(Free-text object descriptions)
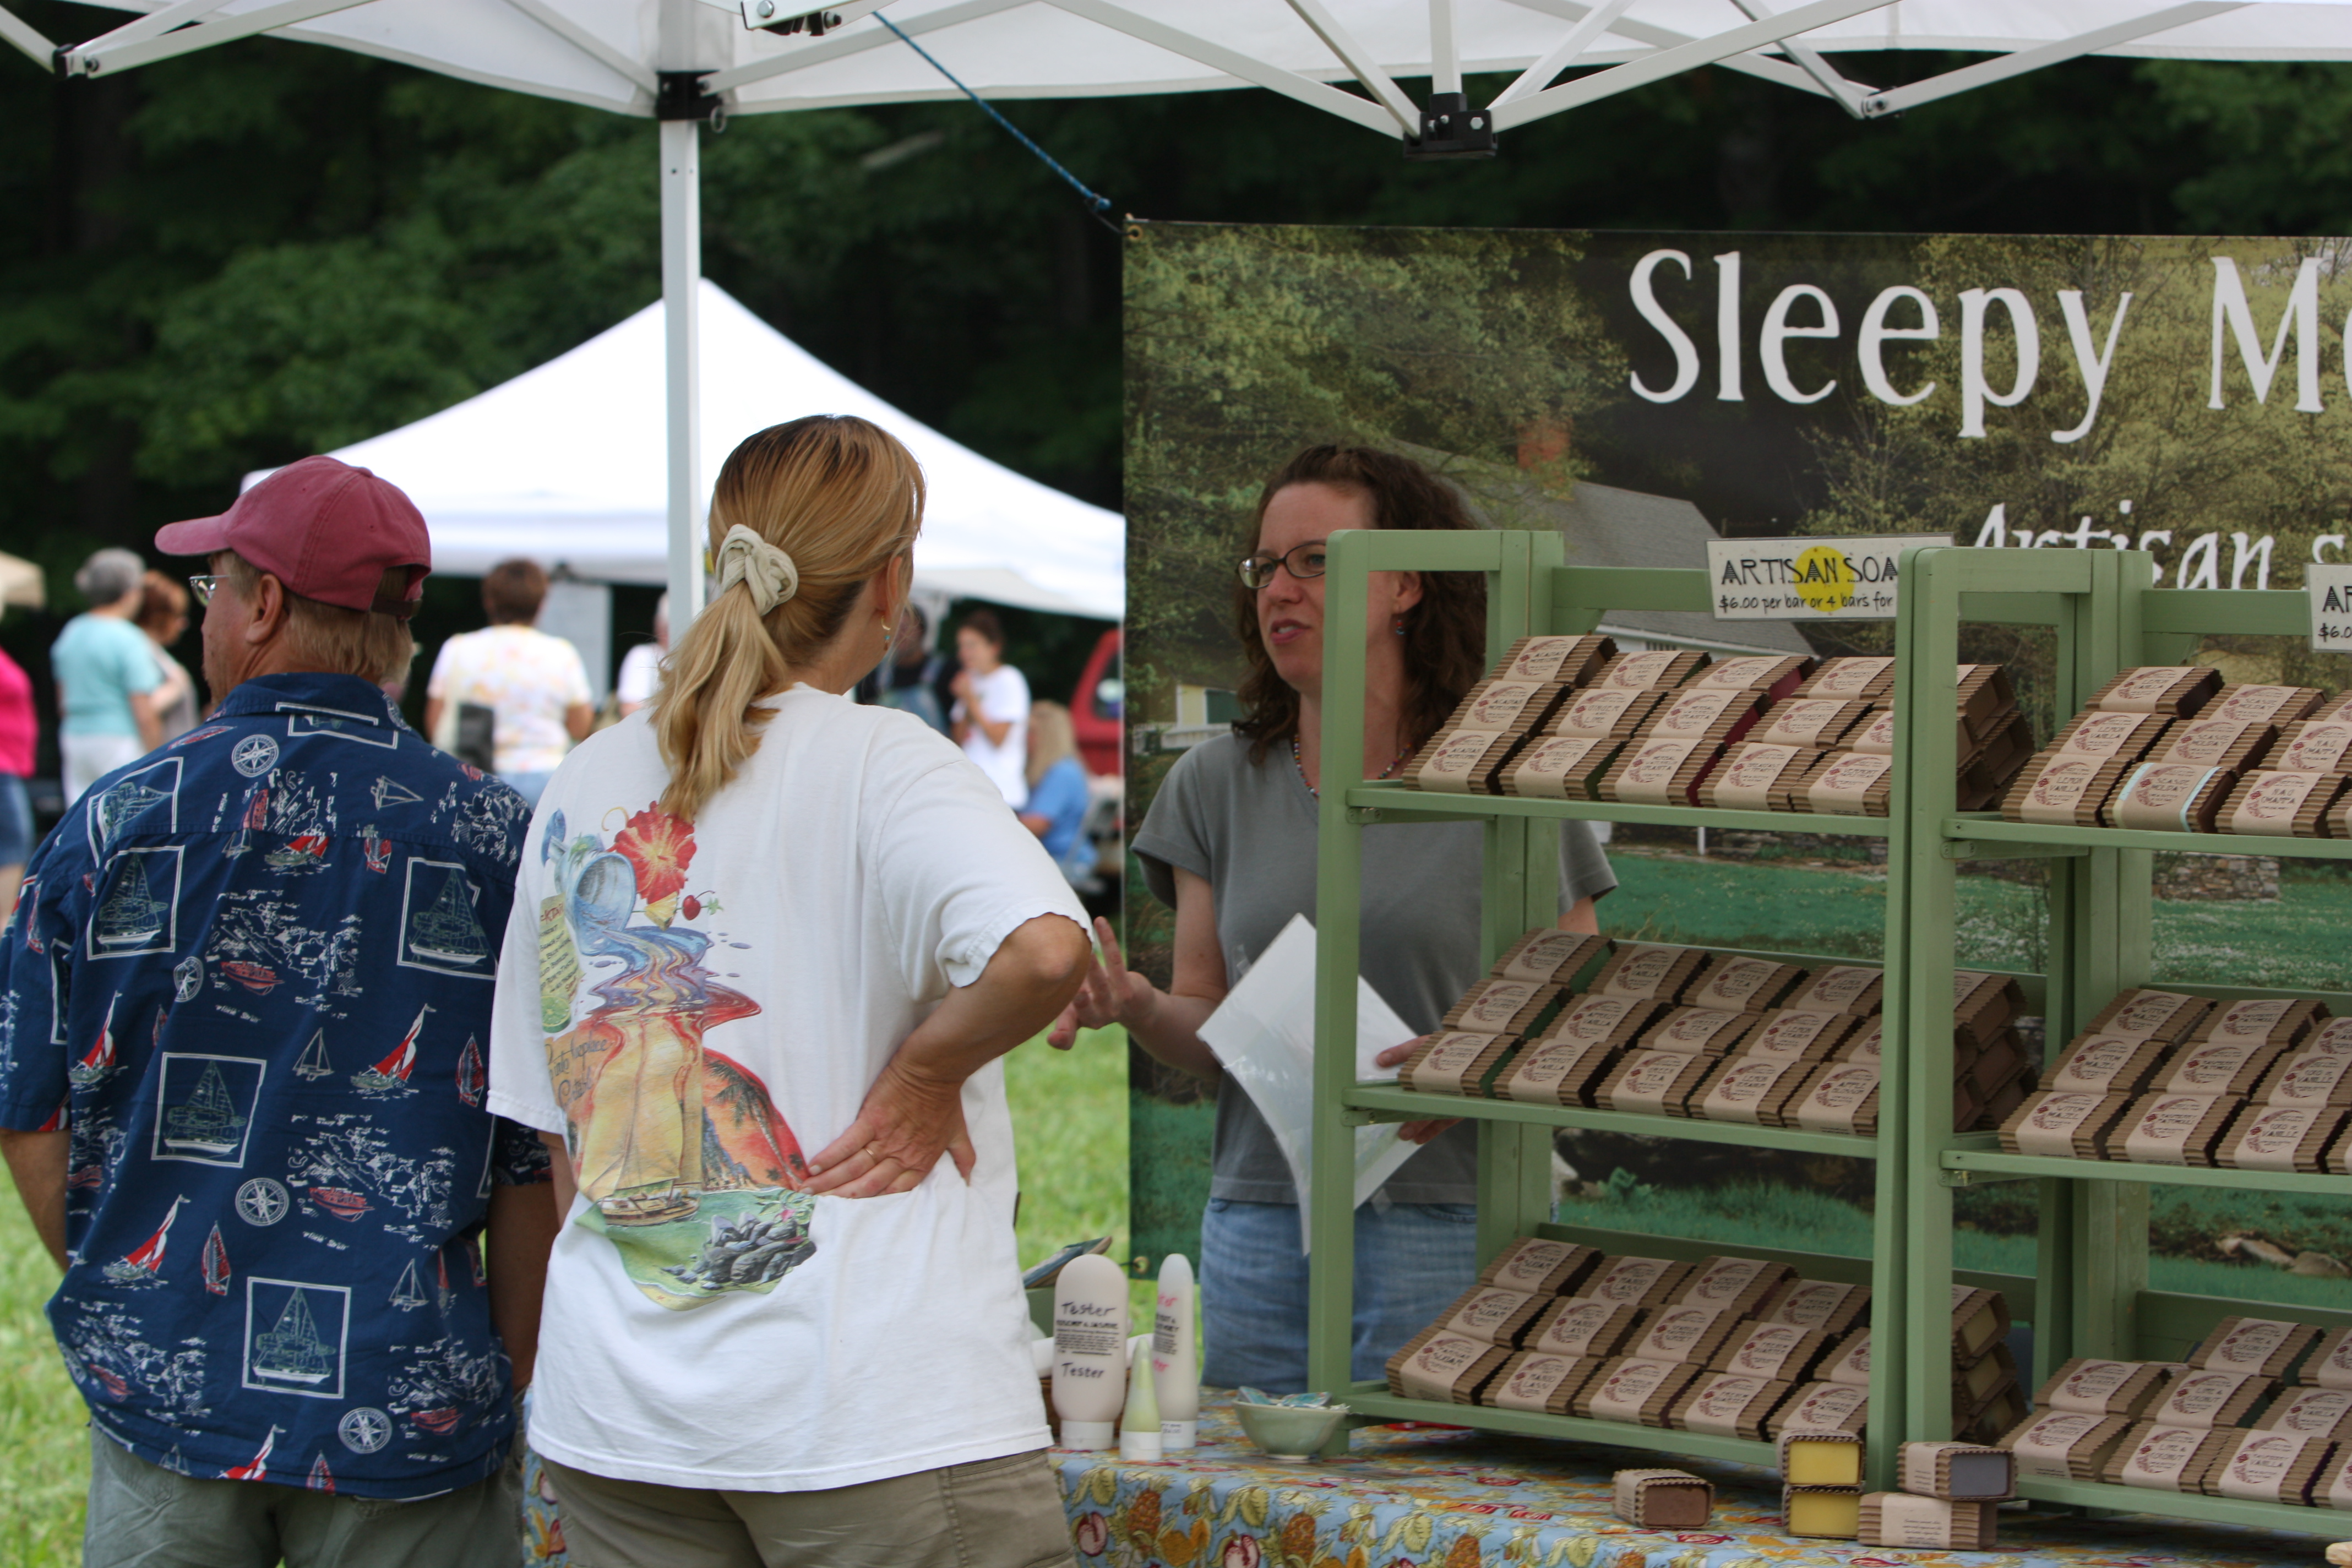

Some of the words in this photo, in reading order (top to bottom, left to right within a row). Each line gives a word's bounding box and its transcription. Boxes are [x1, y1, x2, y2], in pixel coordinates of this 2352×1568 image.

[1629, 248, 2133, 443] Sleepy
[2207, 255, 2352, 413] M
[1721, 558, 1839, 585] ARTISAN
[1843, 556, 1898, 582] SOA
[1719, 595, 1758, 613] $6.00
[1762, 596, 1781, 614] per
[1784, 594, 1805, 608] bar
[1810, 597, 1823, 608] or
[1842, 592, 1869, 607] bars
[1873, 591, 1893, 611] for
[2318, 623, 2352, 642] $6.0
[1061, 1301, 1117, 1316] Tester
[1061, 1362, 1105, 1378] Tester

What to produce: The task calls for all records to be set down precisely, excluding any images.

Answer to this exercise:
Some of the words in this photo, in reading order (top to bottom, left to right within a row). Each line gives a word's bounding box and its transcription. Boxes are [x1, y1, x2, y2], in pixel coordinates of this 2352×1568 image.

[1629, 248, 2133, 443] Sleepy
[2207, 255, 2352, 413] M
[1721, 558, 1839, 585] ARTISAN
[1843, 556, 1898, 582] SOA
[1719, 595, 1758, 613] $6.00
[1762, 596, 1781, 614] per
[1784, 594, 1805, 608] bar
[1810, 597, 1823, 608] or
[1842, 592, 1869, 607] bars
[1873, 591, 1893, 611] for
[2318, 623, 2352, 642] $6.0
[1061, 1301, 1117, 1316] Tester
[1061, 1362, 1105, 1378] Tester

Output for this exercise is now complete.